Because of the lack of available talent here in the U.S., Queen said she has begun working with Indian companies to bring workers here to fill her positions. “They are not taking our jobs — we don’t have enough technology people to fill the need,” she explained.
Queen stared her company to provide IT staffing services for Fortune 500 companies. But today the company’s offerings have expanded, and it has become a business and technology services firm that fills the consulting, project, and permanent placement needs of not only Fortune 500 corporations, but also mid-sized businesses and government agencies in the Charlotte area and eastern U.S. She has also expanded beyond IT into project management. “That’s something that will always be done in the U.S.,” she noted.
The change in focus has enabled Queen’s company not only to survive the cutbacks Fortune 500 companies were making in IT in 2001 and 2002, but also to thrive. Revenues dropped from $650,000 in 2001 to $490,000 in 2002. But they doubled in 2003 to about $1 million and have increased dramatically each year ever since. They reached $3 million last year, and she is anticipating a strong 2006, with revenues approaching $6 million and the number of consultants placed doubling to about 100. Not only are Fortune 500 companies hiring in IT again, but Queen has been placed on Lowe’s prime vendor list.
“I feel better about the company than I ever have,” Queen said. “You have to know your customer and what they are buying. We have stayed close to the market and developed a core expertise providing skill and talent for what the market needs.”
Queen’s accomplishments have not gone unnoticed. The Charlotte chapter of the National Association of Women Business Owners named her its Rising Star in 2003, and in 2004, she was named one of 25 Business Women of the Year by The Charlotte Business Journal. Last May, she received CPCC’s Richard Hagemeyer Award presented to an alumnus or current student for using their CPCC degree to achieve significant accomplishments.
More About Women in Science
Dr. Sue Rosser, dean of the Ivan Allen College at Georgia Tech will give the inaugural lecture of the UNC Charlotte Women’s Academy on Wednesday, January 18, at 11 am in the Barnhardt Student Activity Center. Her address is titled, “The Science Glass Ceiling: Academic Women Scientists and their Struggle to Succeed.” The event is open to the public. For more information, contact Dr. Meg Morgan at 704-687-4210 or firstname.lastname@example.org.
Changes at the Chamber
New executives often begin their tenures by shaking things up, and Bob Morgan, who became president of the Charlotte Chamber late last year, is no exception.

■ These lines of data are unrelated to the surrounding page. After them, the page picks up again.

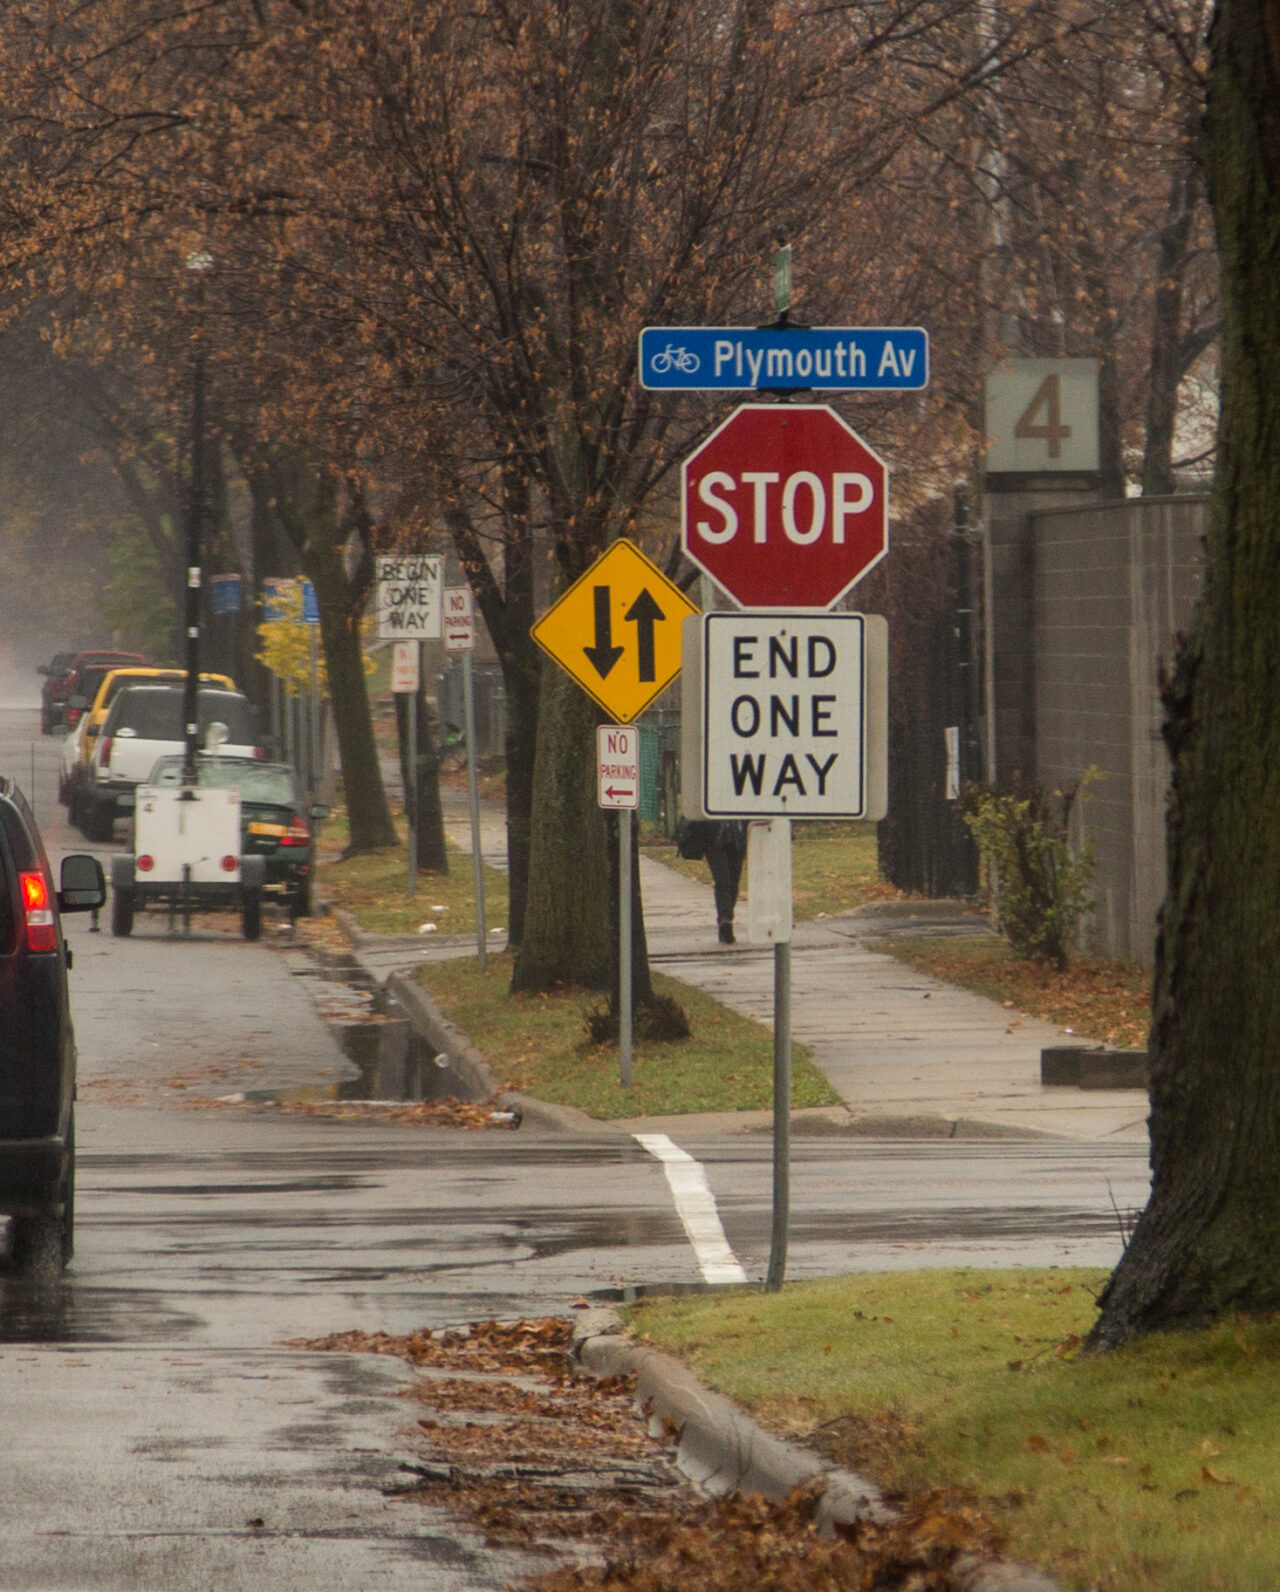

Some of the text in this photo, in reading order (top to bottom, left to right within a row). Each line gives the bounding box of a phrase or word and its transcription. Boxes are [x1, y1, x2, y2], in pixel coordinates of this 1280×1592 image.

[714, 340, 917, 387] Plymouth Av
[1015, 373, 1072, 458] 4
[696, 471, 874, 545] STOP
[381, 563, 437, 581] BEGIN
[391, 587, 429, 606] ONE
[450, 596, 465, 611] NO
[390, 611, 429, 629] WAY
[733, 636, 837, 679] END
[731, 695, 838, 738] ONE
[608, 734, 628, 755] NO
[601, 764, 636, 780] PARKING
[730, 754, 839, 796] WAY
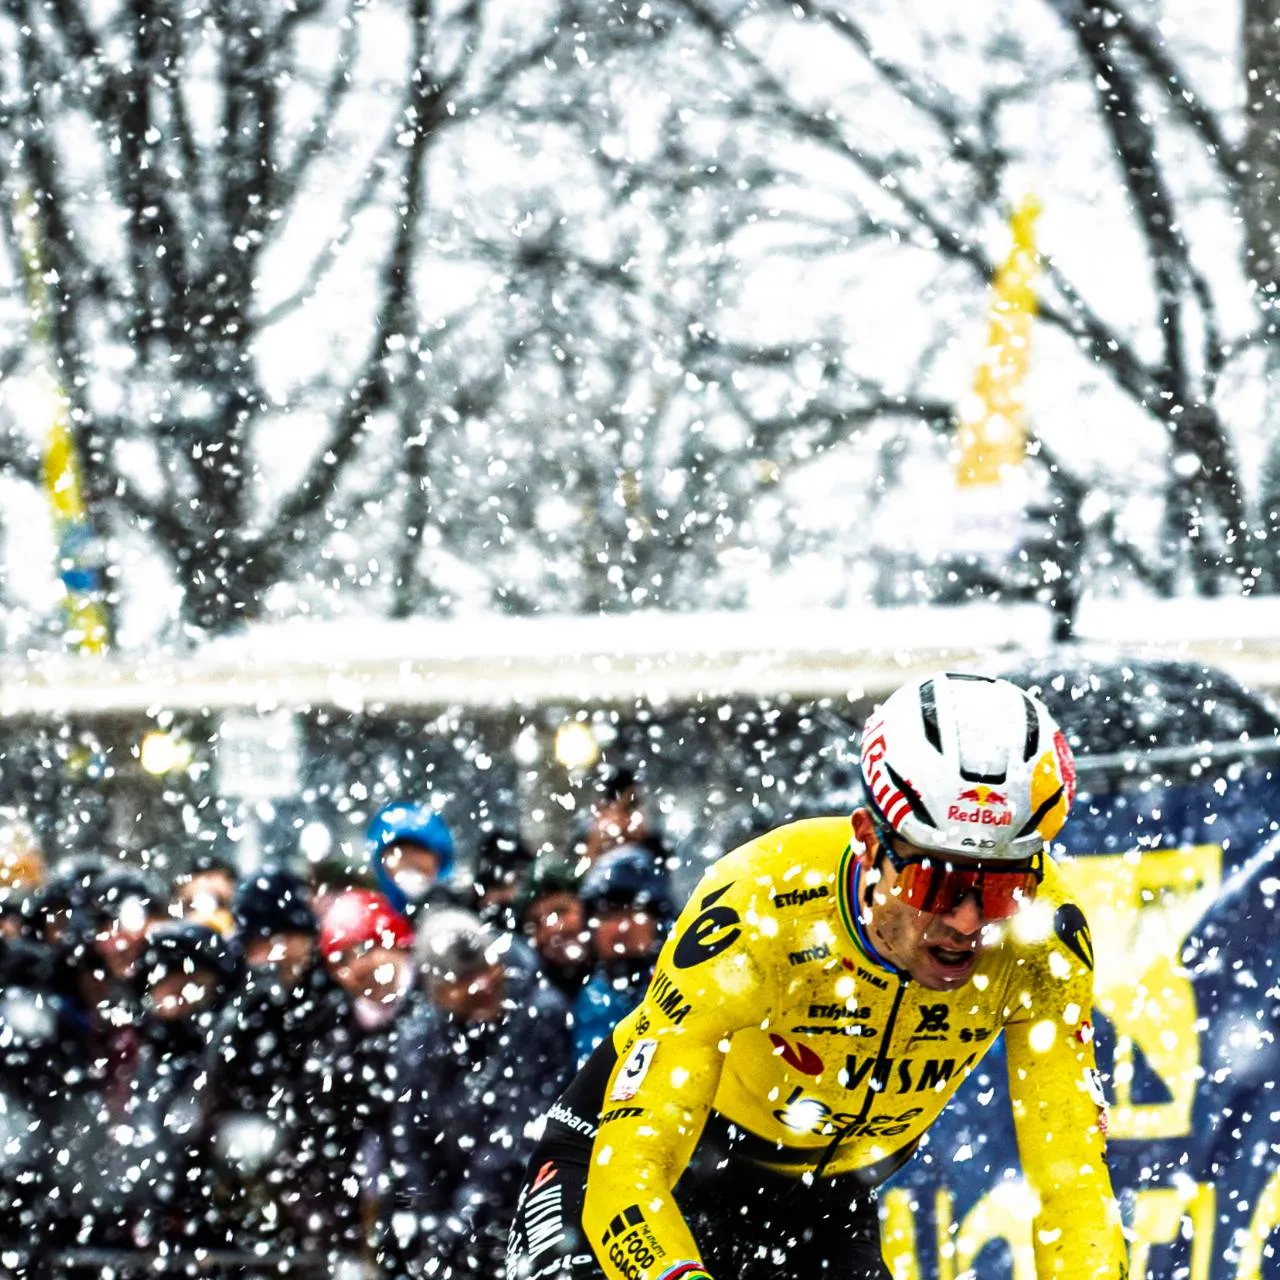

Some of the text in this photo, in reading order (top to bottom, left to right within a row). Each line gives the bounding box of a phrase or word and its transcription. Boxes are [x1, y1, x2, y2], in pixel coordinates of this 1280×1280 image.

[947, 805, 1013, 827] Red Bull
[650, 967, 693, 1026] VISMA
[625, 1041, 658, 1079] 5
[621, 1230, 655, 1270] FOOD

Last week the Chamber announced it was reorganizing its focus on economic development, public policy and member value and eliminating seven jobs, or 12% of its workforce. Dee Means, vice president of the Chamber’s ITC Council said that as part of the change, the council will explore how it can participate in economic development efforts; partner and share information and resources with other chamber councils, such as the BIG Council (serving entrepreneurs) and the Small Enterprise Group; and work more closely with the North Carolina Technology Association on legislative issues. “We want to provide valuable benefits to our members,” she added.
Tobin Advisors, LLC, a Charlotte-based investment bank, advised Nexus Consulting Group, LLC in the sale of the Chicago IT services firm to Project Leadership Associates, Inc.

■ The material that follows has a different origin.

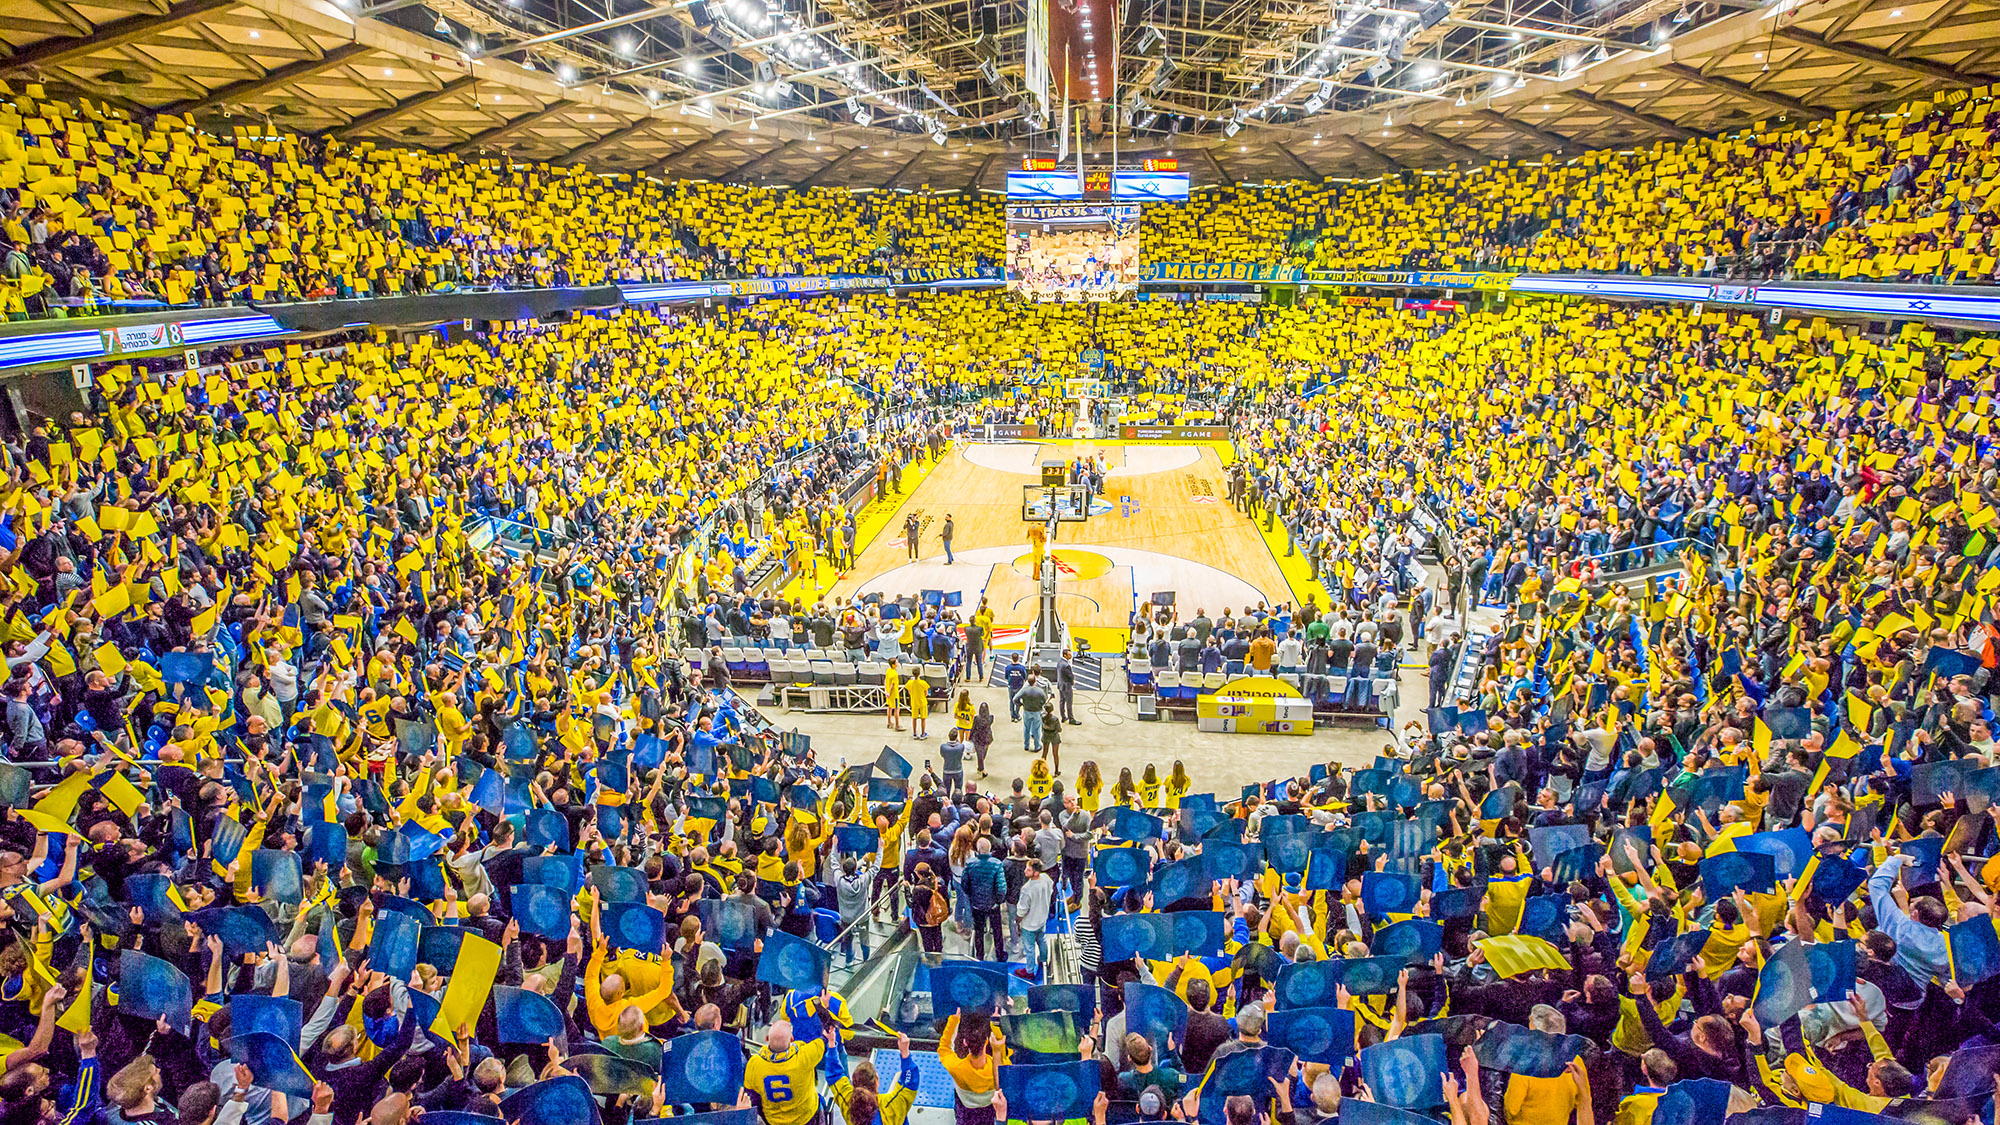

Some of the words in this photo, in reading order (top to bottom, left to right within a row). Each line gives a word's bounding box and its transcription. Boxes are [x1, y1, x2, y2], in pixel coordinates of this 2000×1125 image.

Carbonhouse Inc., a brand consulting and design firm, and TechStructures, a marketer of application development, network design and help-desk services have announced they will collaborate on web application-development projects. Carbonhouse will provide information architecture and design, and TechStructures will manage application, database development and technical support. Both firms are based in Charlotte.